Referring expression grounding data:

########################################

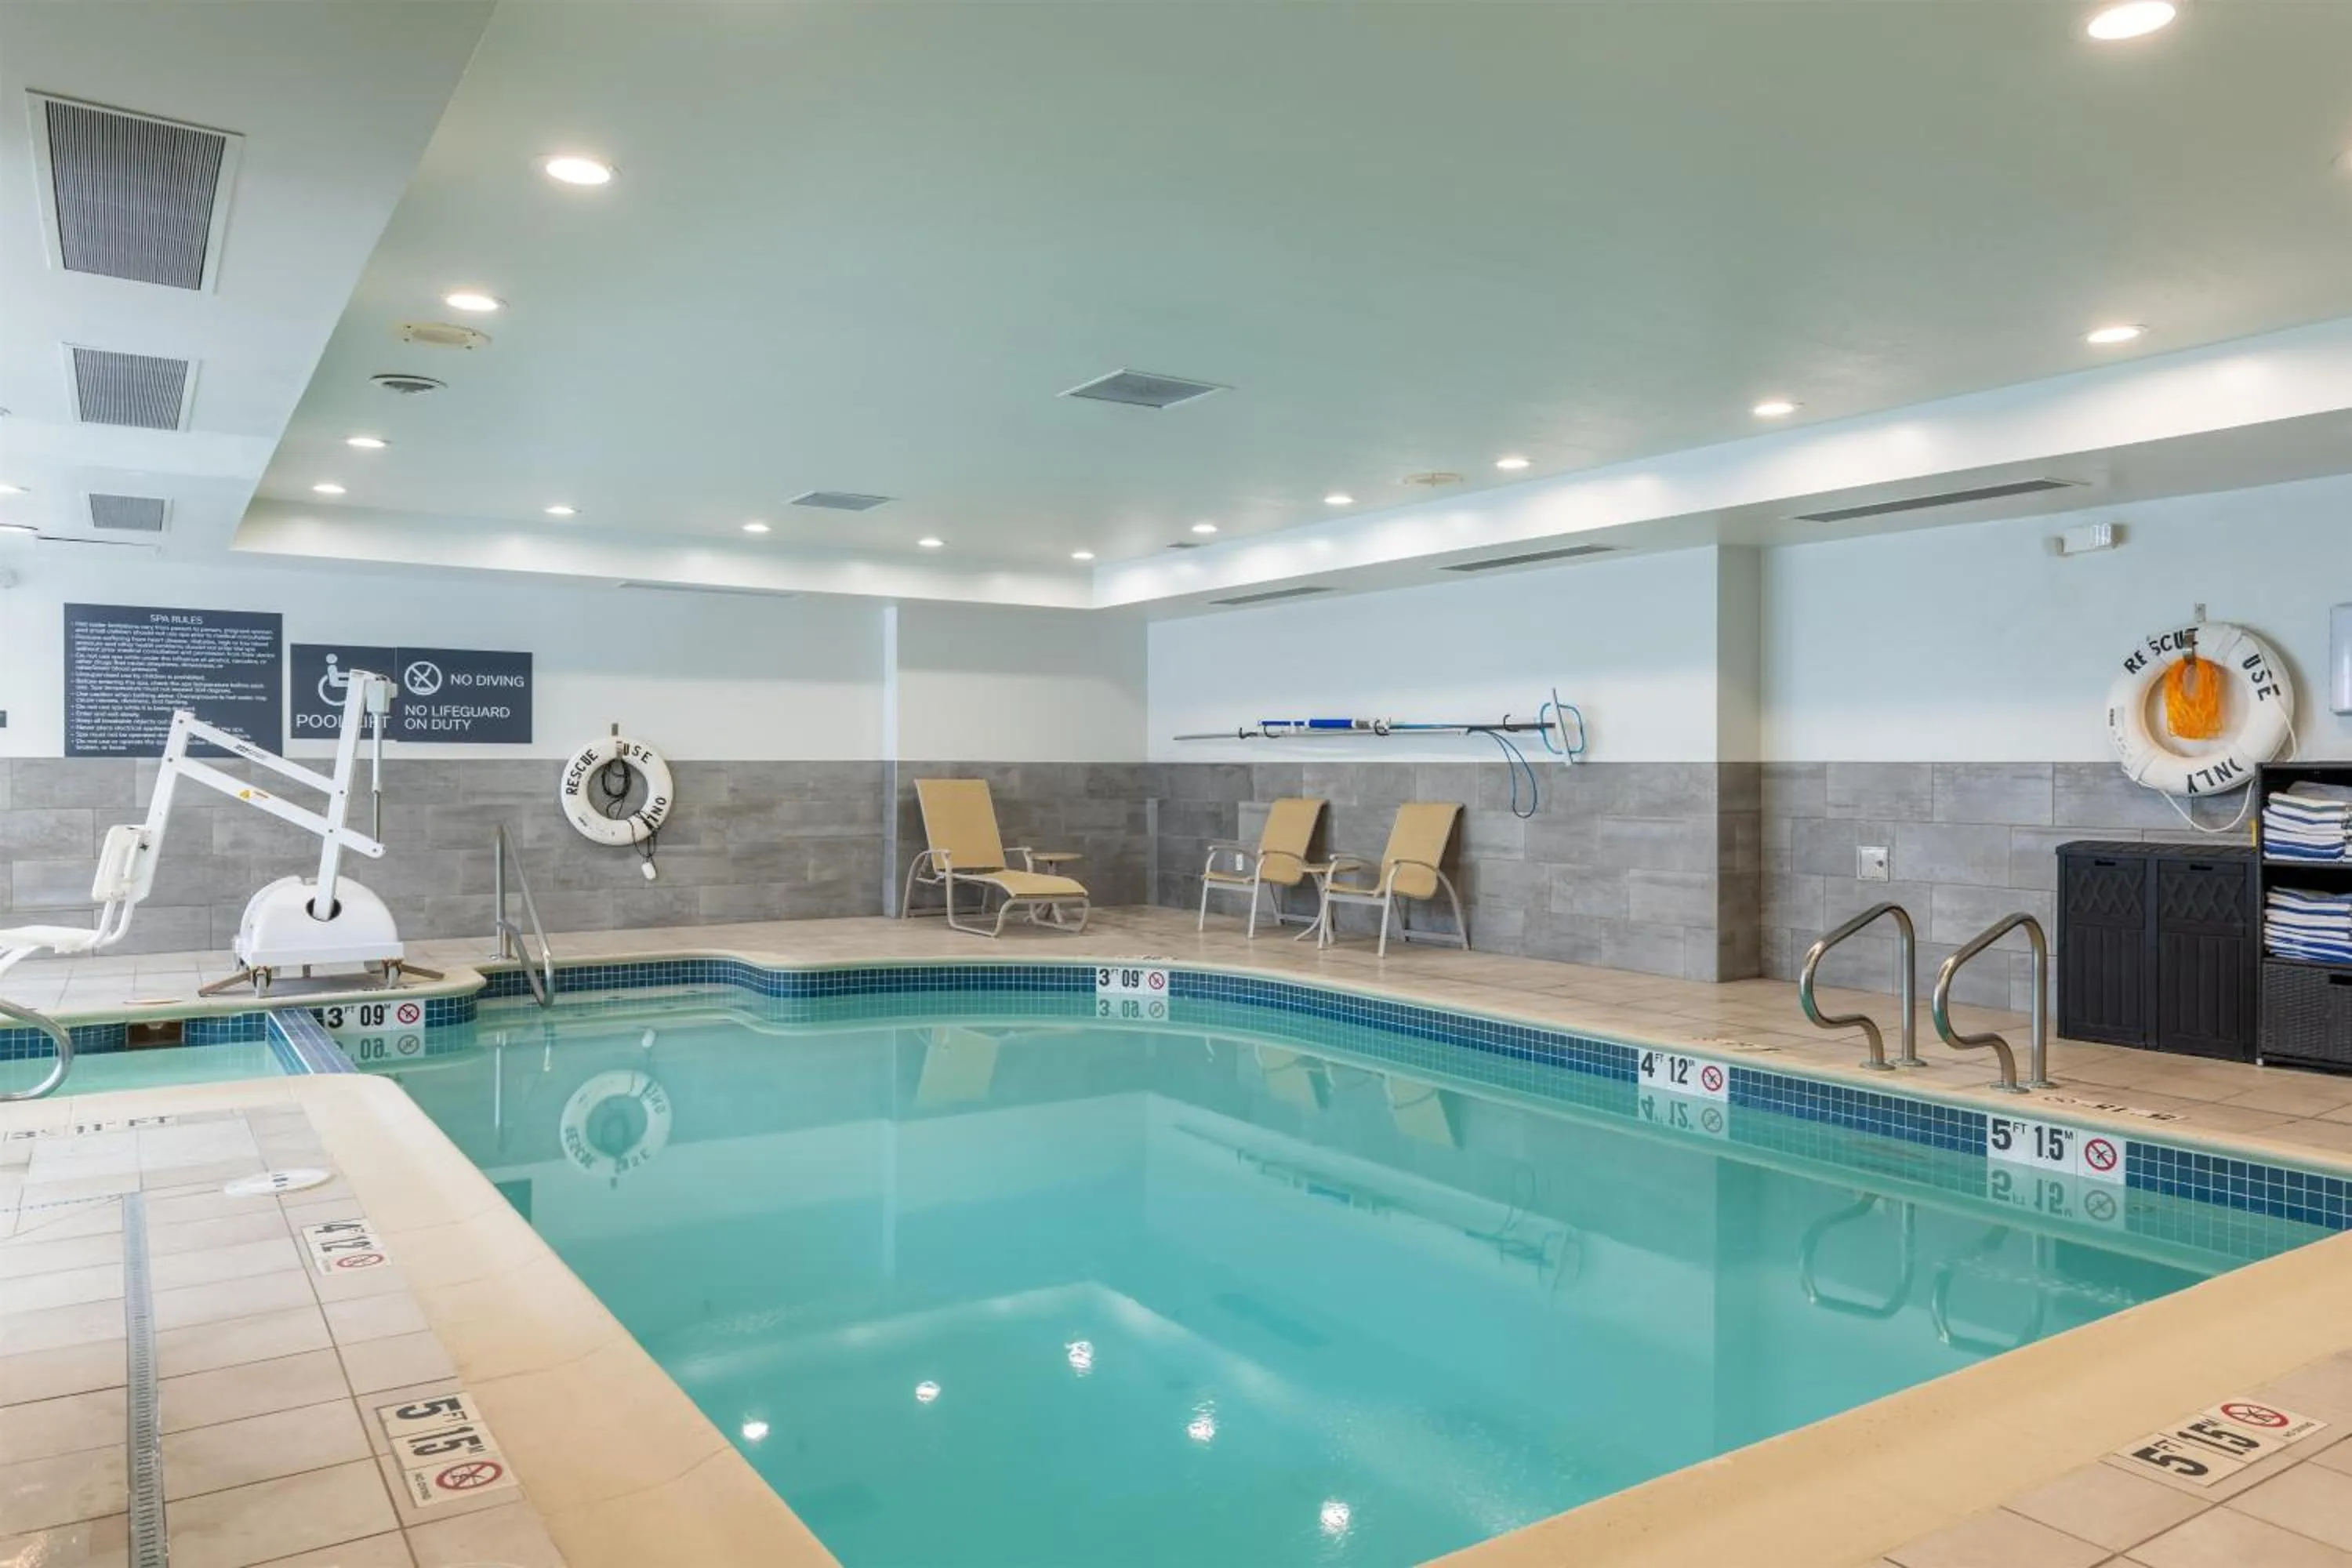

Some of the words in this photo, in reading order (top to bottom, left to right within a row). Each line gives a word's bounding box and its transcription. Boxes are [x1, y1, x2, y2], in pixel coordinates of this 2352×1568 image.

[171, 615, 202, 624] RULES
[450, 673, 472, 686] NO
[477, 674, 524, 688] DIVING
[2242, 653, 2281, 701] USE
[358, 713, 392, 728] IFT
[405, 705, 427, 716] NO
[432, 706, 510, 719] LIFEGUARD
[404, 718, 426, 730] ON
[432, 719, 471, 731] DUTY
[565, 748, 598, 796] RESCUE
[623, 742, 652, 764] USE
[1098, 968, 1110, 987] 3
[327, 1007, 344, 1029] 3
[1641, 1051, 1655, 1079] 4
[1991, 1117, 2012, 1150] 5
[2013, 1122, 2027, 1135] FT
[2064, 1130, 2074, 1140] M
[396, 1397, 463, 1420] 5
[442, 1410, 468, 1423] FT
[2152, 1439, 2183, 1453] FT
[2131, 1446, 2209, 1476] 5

########################################

Every line in the records is to be retyped exactly as it stands; the pictures stay out.

■ **FINAL ANSWER**
Some of the words in this photo, in reading order (top to bottom, left to right within a row). Each line gives a word's bounding box and its transcription. Boxes are [x1, y1, x2, y2], in pixel coordinates of this 2352×1568 image.

[171, 615, 202, 624] RULES
[450, 673, 472, 686] NO
[477, 674, 524, 688] DIVING
[2242, 653, 2281, 701] USE
[358, 713, 392, 728] IFT
[405, 705, 427, 716] NO
[432, 706, 510, 719] LIFEGUARD
[404, 718, 426, 730] ON
[432, 719, 471, 731] DUTY
[565, 748, 598, 796] RESCUE
[623, 742, 652, 764] USE
[1098, 968, 1110, 987] 3
[327, 1007, 344, 1029] 3
[1641, 1051, 1655, 1079] 4
[1991, 1117, 2012, 1150] 5
[2013, 1122, 2027, 1135] FT
[2064, 1130, 2074, 1140] M
[396, 1397, 463, 1420] 5
[442, 1410, 468, 1423] FT
[2152, 1439, 2183, 1453] FT
[2131, 1446, 2209, 1476] 5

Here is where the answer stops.